Fusion!: Wes Montgomery with Strings is an album by the American jazz guitarist Wes Montgomery, released in 1963.

History
Fusion was the first album Montgomery recorded with a string section. This would become more commonplace on his later releases on the Verve and A&M labels.

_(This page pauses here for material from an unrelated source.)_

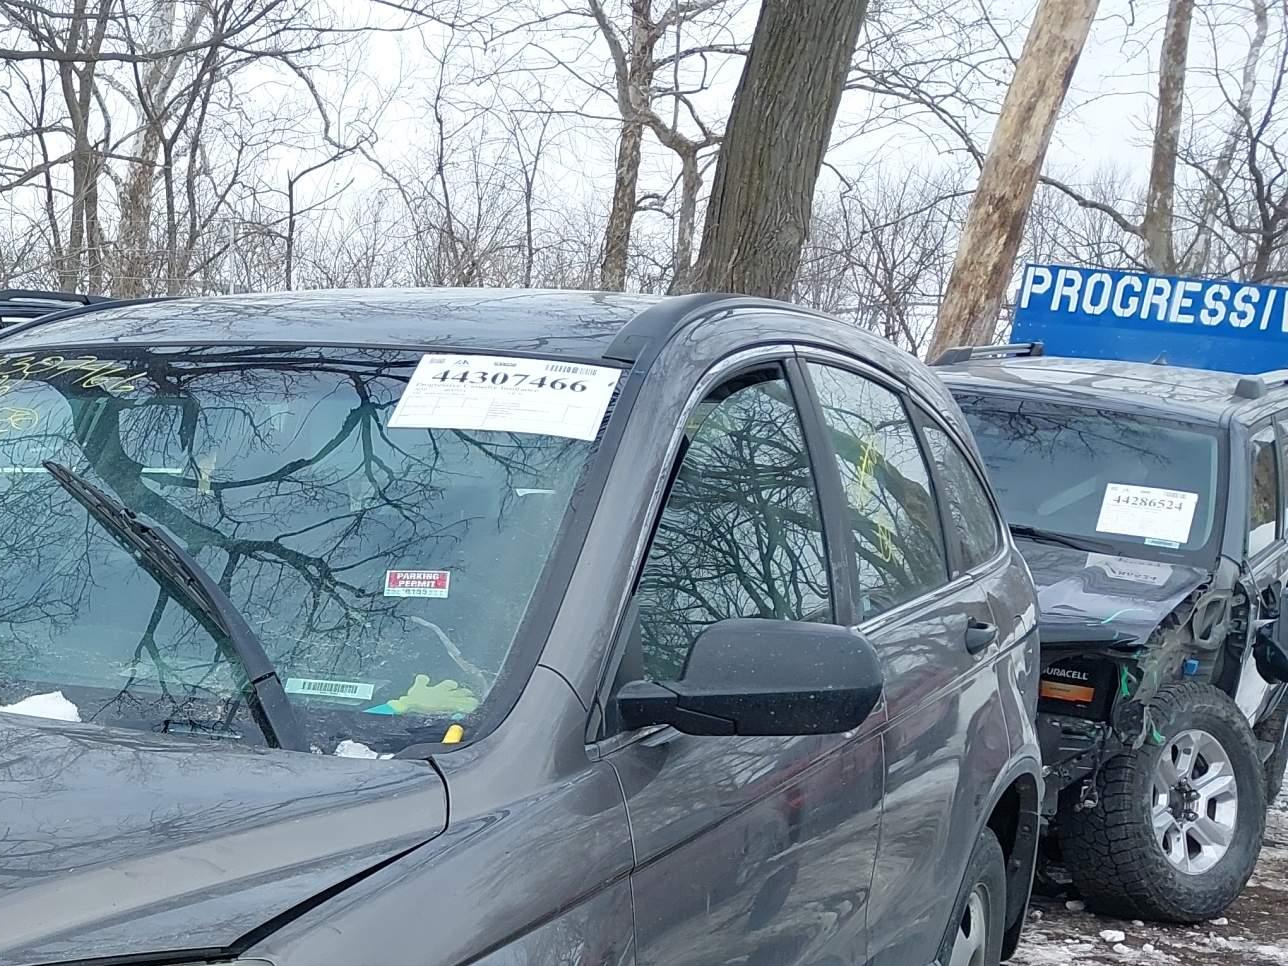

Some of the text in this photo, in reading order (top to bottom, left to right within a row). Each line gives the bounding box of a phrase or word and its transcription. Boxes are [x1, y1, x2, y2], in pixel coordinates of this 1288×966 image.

It has been reissued in the Original Jazz Classics series with additional alternate takes and all the tracks are also available on the Wes Montgomery compilation CD-set The Complete Riverside Recordings.

Reception 

In his AllMusic review, music critic Scott Yanow praised the album: "As with his later albums, Montgomery's guitar solos here are brief and melodic but the jazz content is fairly high even if the emphasis is (with the exception of 'Tune Up') on ballads... worth picking up; the music is quite pretty and pleasing."

Track listing
"All the Way" (Jimmy Van Heusen, Sammy Cahn) – 2:39
"Pretty Blue" (Wes Montgomery) – 3:40
"Pretty Blue" [Alternate take] (Montgomery) – 2:58
"In the Wee Small Hours of the Morning" (Mann, Hilliard) – 2:51
"Prelude to a Kiss" (Duke Ellington, Irving Mills, Irving Gordon) – 3:08
"The Girl Next Door" (Ralph Blane, Hugh Martin) – 3:08
"My Romance" (Richard Rodgers, Lorenz Hart) – 2:31
"God Bless the Child" (Billie Holiday, Arthur Herzog Jr.) – 3:19
"Tune Up" (Miles Davis) – 3:14
"Tune Up" [Alternate take] (Davis) – 5:09
"Tune Up" [Alternate take] (Davis) – 4:44
"Somewhere" (Leonard Bernstein, Stephen Sondheim) – 3:30
"Baubles, Bangles & Beads" (George Forrest, Robert Wright, Alexander Borodin) – 2:19

Personnel
 Wes Montgomery – guitar
 Milt Hinton – bass
 Kenny Burrell – guitar
 Dick Hyman – piano, celesta
 Hank Jones – piano, celesta
 Osie Johnson – drums
 Phil Bodner – woodwinds
 Burt Fisch – viola
 Ralph Hersh – viola
 Alfred Brown – viola
 Leo Kruczek – violin
 Harry Lookofsky – violin
 Mac Ceppos – violin
 Winston Collymore – violin
 Arnold Eidus – violin
 David Nadien – violin
 Gene Orloff – violin, concert master
 Raoul Poliakin – violin
 Samuel Rand – violin
 Sylvan Shulman – violin
 Paul Winter – violin
 Isadore Zir – violin
 George Ricci – cello
 Lucien Schmit – cello
 Charles McCracken – cello
 Kermit Moore – cello
 Margaret Ross – harp
 Gloria Agostini – harp

Production notes:
 Orrin Keepnews – producer
 Ray Fowler – engineer
 Jimmy Jones – conductor, arranger

References

External links
Jazz Discography

1963 albums
Wes Montgomery albums
Albums produced by Orrin Keepnews
Riverside Records albums
Albums arranged by Jimmy Jones (pianist)
Albums conducted by Jimmy Jones (pianist)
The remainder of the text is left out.